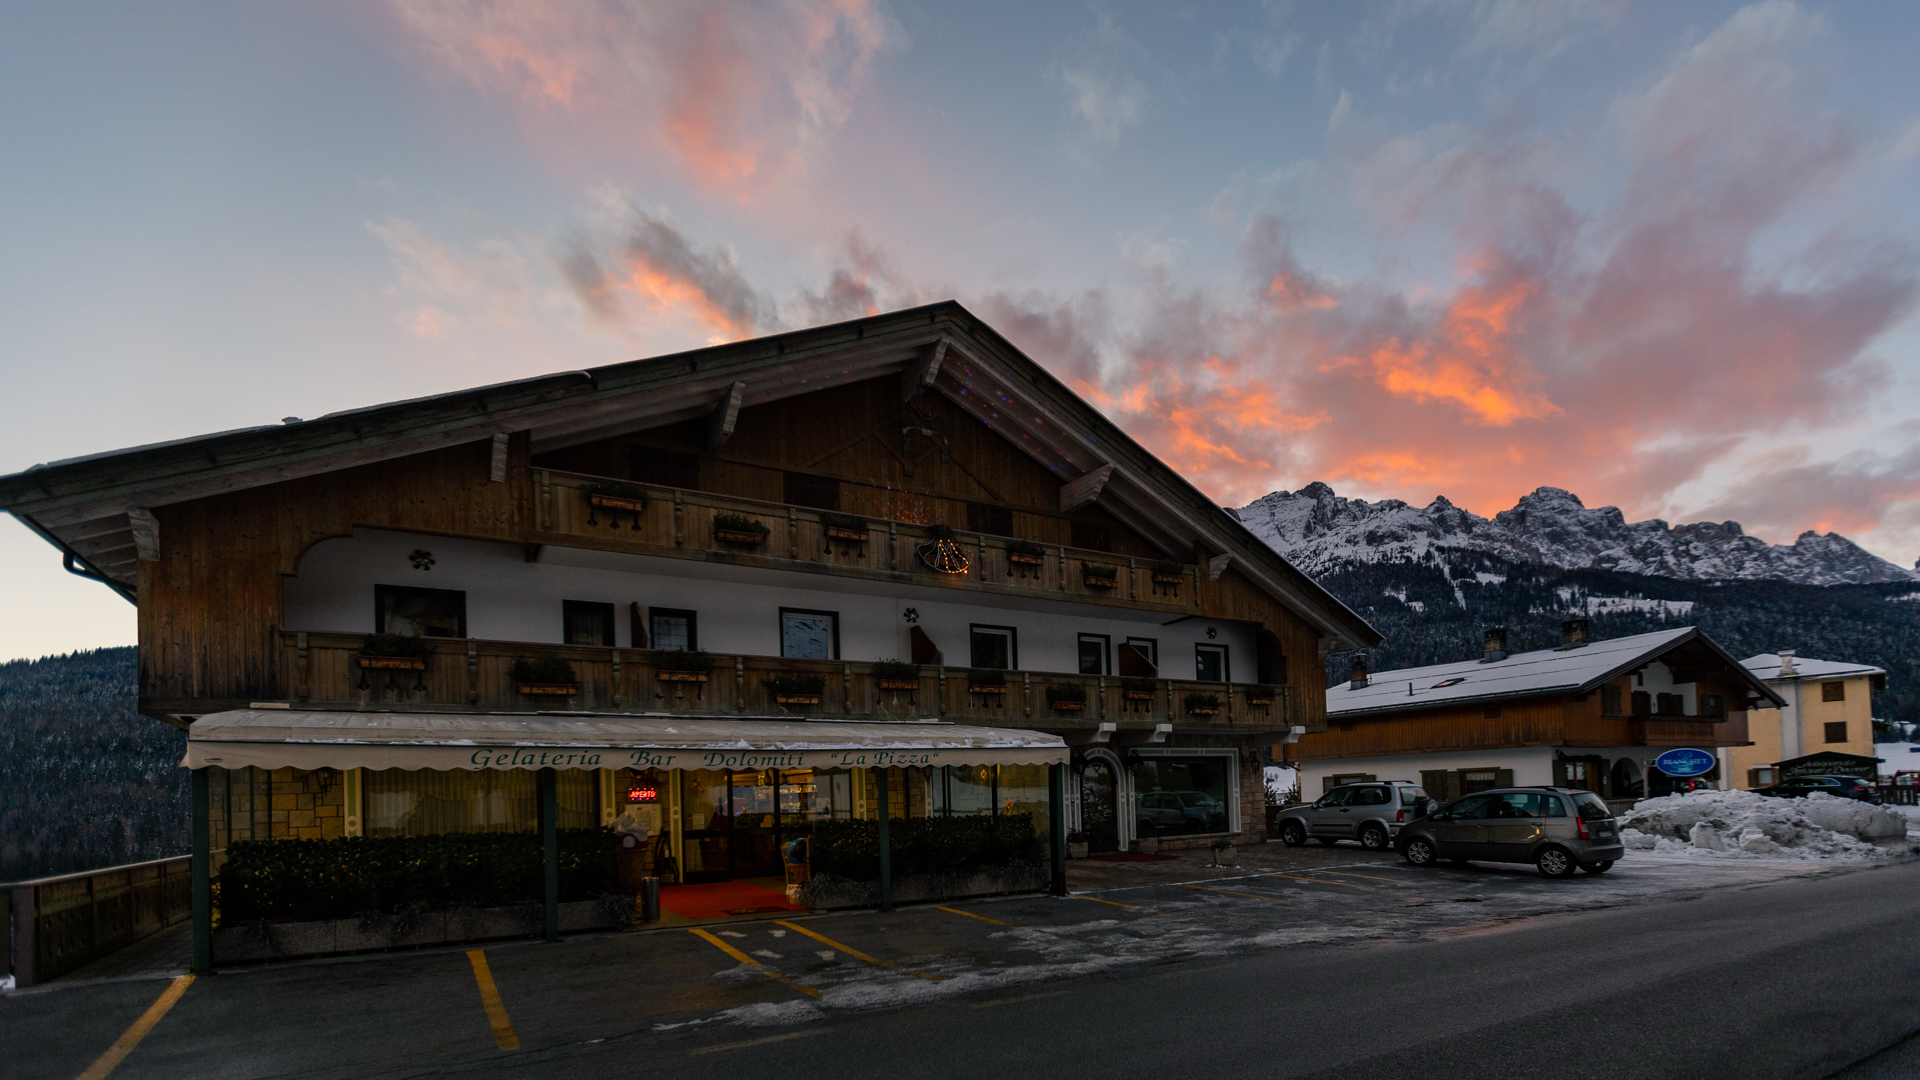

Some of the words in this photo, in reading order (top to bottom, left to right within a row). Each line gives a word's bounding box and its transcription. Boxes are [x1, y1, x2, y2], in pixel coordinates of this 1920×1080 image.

[471, 747, 602, 770] Gelateria
[630, 750, 676, 766] Bar
[703, 751, 805, 767] Dolomiti
[630, 790, 657, 798] APERTO
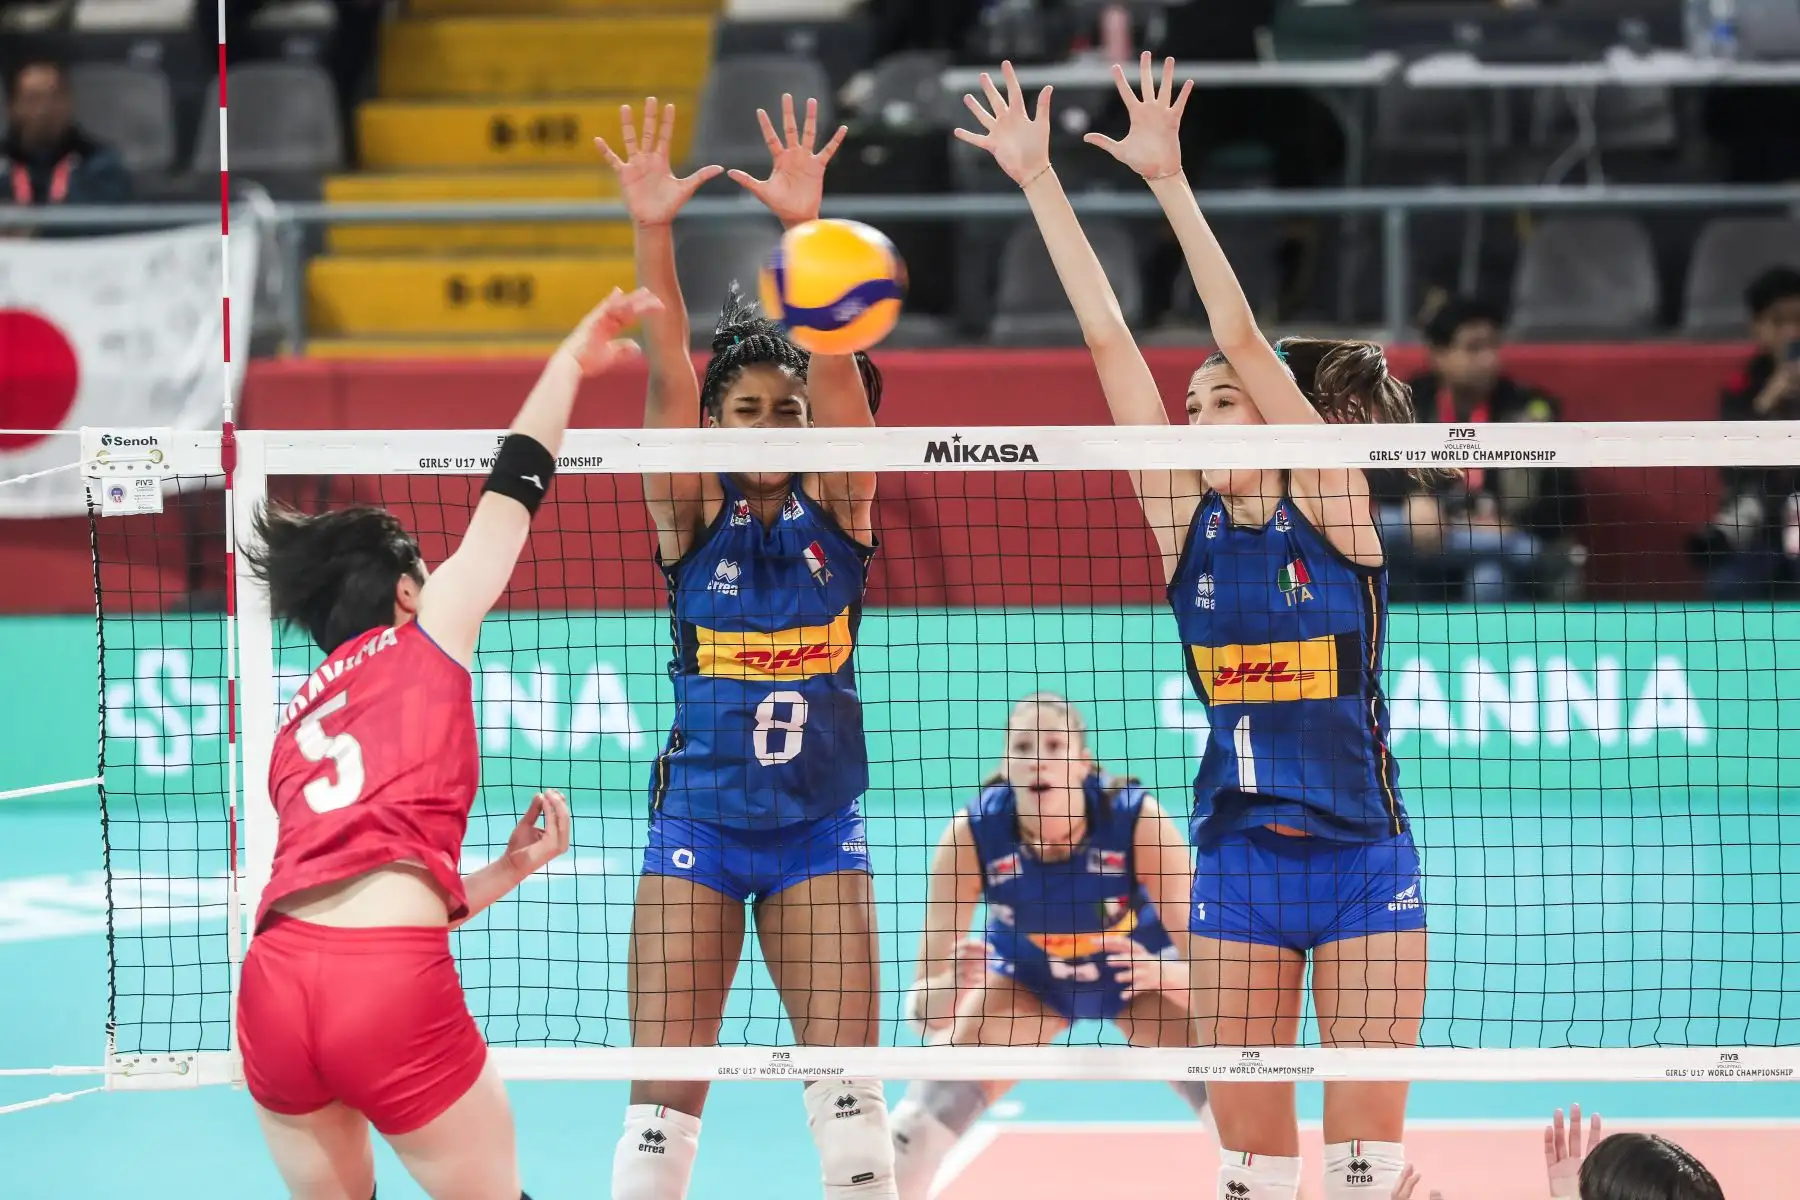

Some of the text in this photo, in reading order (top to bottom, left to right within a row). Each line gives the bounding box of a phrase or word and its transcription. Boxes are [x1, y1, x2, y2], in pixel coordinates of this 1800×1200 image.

[1448, 428, 1476, 438] FIVB
[113, 435, 158, 446] Senoh
[455, 458, 475, 468] U17
[556, 456, 603, 468] IONSHIP
[1369, 451, 1557, 461] GIRLS' U17 WORLD CHAMPIONSHIP
[813, 568, 834, 586] TA
[1285, 587, 1315, 607] ITA
[734, 641, 834, 670] DHL
[1213, 661, 1297, 686] DHL
[752, 690, 809, 767] 8
[295, 690, 365, 814] 5
[1233, 715, 1258, 794] 1
[1387, 897, 1420, 911] errea
[771, 1051, 791, 1059] FIVB
[1720, 1053, 1739, 1061] FIVB
[742, 1067, 757, 1075] U17
[760, 1067, 786, 1075] WORLD
[788, 1067, 845, 1075] CHAMPIONSHIP
[1212, 1066, 1227, 1074] U17
[1229, 1066, 1256, 1074] WORLD
[1257, 1066, 1315, 1075] CHAMPIONSHIP
[1690, 1069, 1705, 1077] U17
[1707, 1069, 1734, 1077] WORLD
[1736, 1069, 1794, 1077] CHAMPIONSHIP
[835, 1107, 861, 1119] errea
[638, 1142, 665, 1154] errea
[1346, 1174, 1373, 1184] errea

------

An exact transcription of all the entries is required, without the pictures.

Some of the words in this photo, in reading order (top to bottom, left to right within a row). Each line gives a word's bounding box and its transcription. Boxes are [x1, y1, x2, y2], in pixel coordinates of this 1920×1080 image.

[471, 747, 602, 770] Gelateria
[630, 750, 676, 766] Bar
[703, 751, 805, 767] Dolomiti
[630, 790, 657, 798] APERTO

Some of the text in this photo, in reading order (top to bottom, left to right within a row). Each line gives the bounding box of a phrase or word and its transcription. Boxes are [x1, y1, x2, y2], in pixel coordinates of this 1800×1200 image.

[1448, 428, 1476, 438] FIVB
[113, 435, 158, 446] Senoh
[455, 458, 475, 468] U17
[556, 456, 603, 468] IONSHIP
[1369, 451, 1557, 461] GIRLS' U17 WORLD CHAMPIONSHIP
[813, 568, 834, 586] TA
[1285, 587, 1315, 607] ITA
[734, 641, 834, 670] DHL
[1213, 661, 1297, 686] DHL
[752, 690, 809, 767] 8
[295, 690, 365, 814] 5
[1233, 715, 1258, 794] 1
[1387, 897, 1420, 911] errea
[771, 1051, 791, 1059] FIVB
[1720, 1053, 1739, 1061] FIVB
[742, 1067, 757, 1075] U17
[760, 1067, 786, 1075] WORLD
[788, 1067, 845, 1075] CHAMPIONSHIP
[1212, 1066, 1227, 1074] U17
[1229, 1066, 1256, 1074] WORLD
[1257, 1066, 1315, 1075] CHAMPIONSHIP
[1690, 1069, 1705, 1077] U17
[1707, 1069, 1734, 1077] WORLD
[1736, 1069, 1794, 1077] CHAMPIONSHIP
[835, 1107, 861, 1119] errea
[638, 1142, 665, 1154] errea
[1346, 1174, 1373, 1184] errea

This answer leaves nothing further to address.